NFI sounds off on Greenpeace campaign

The National Fisheries Institute on Wednesday warned the media in an advisory that Greenpeace is once again ramping up its campaign demanding an end to overfishing of Alaska pollock, the world’s largest whitefish fishery.

Late last year, citing a National Marine Fisheries Service stock assessment, Greenpeace claimed that the Alaska pollock population dropped 50 percent from 2007 to 2008. The environmental activist organization said that the Bering Sea ecosystem may be at risk of collapsing if the 2009 Bering Sea pollock quota isn’t reduced. After the campaign was launched, the quota was cut from 1 million metric tons in 2008 to an all-time low of 815,000 metric tons this year.

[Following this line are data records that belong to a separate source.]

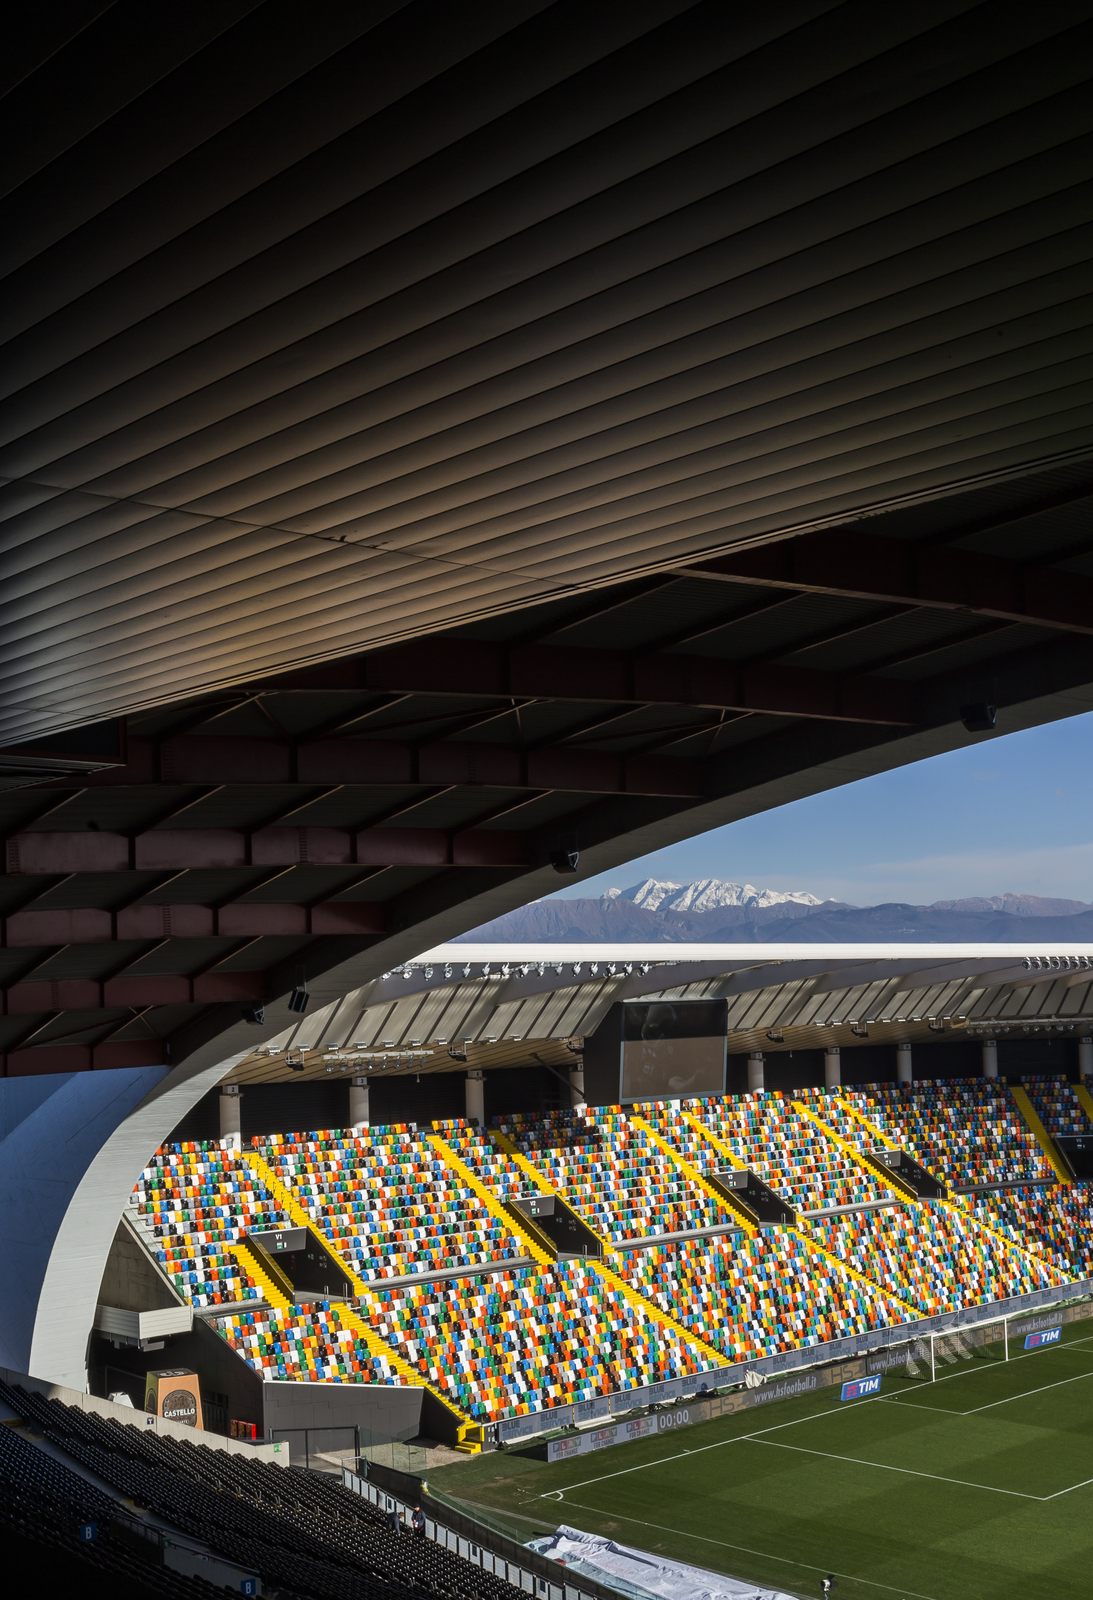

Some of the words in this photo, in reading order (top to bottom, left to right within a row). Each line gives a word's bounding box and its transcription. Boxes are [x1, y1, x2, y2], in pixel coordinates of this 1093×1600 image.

[1041, 1330, 1060, 1343] TIM
[754, 1376, 816, 1404] www.hsfootball.it
[859, 1378, 880, 1394] TIM
[164, 1408, 195, 1418] CASTELLO
[660, 1409, 689, 1429] 00:00

Both NMFS and NFI refuted Greenpeace’s interpretation of the stock assessment and reiterated that the Alaska pollock population is healthy.

Additionally, Greenpeace aired TV ads in Alaska and Seattle featuring a fisherman dressed in yellow slickers standing on a roadside carrying a sign that read, “Unemployed. They over-fished pollock.”

Fearing that Greenpeace is about to rekindle its campaign, NFI cautioned journalists to scrutinize Greenpeace’s “reckless speculation” and to contact NMFS biologists, who conducted the stock assessments and can put them in perspective, with questions.

In its e-mail advisory, NFI listed the contact information for NMFS scientists Doug DeMaster, Jim Ianelli and Steve Murawski. NFI also included a chart with the biomass, acceptable biological catch and landings of Alaska pollock from 1990 to 2009.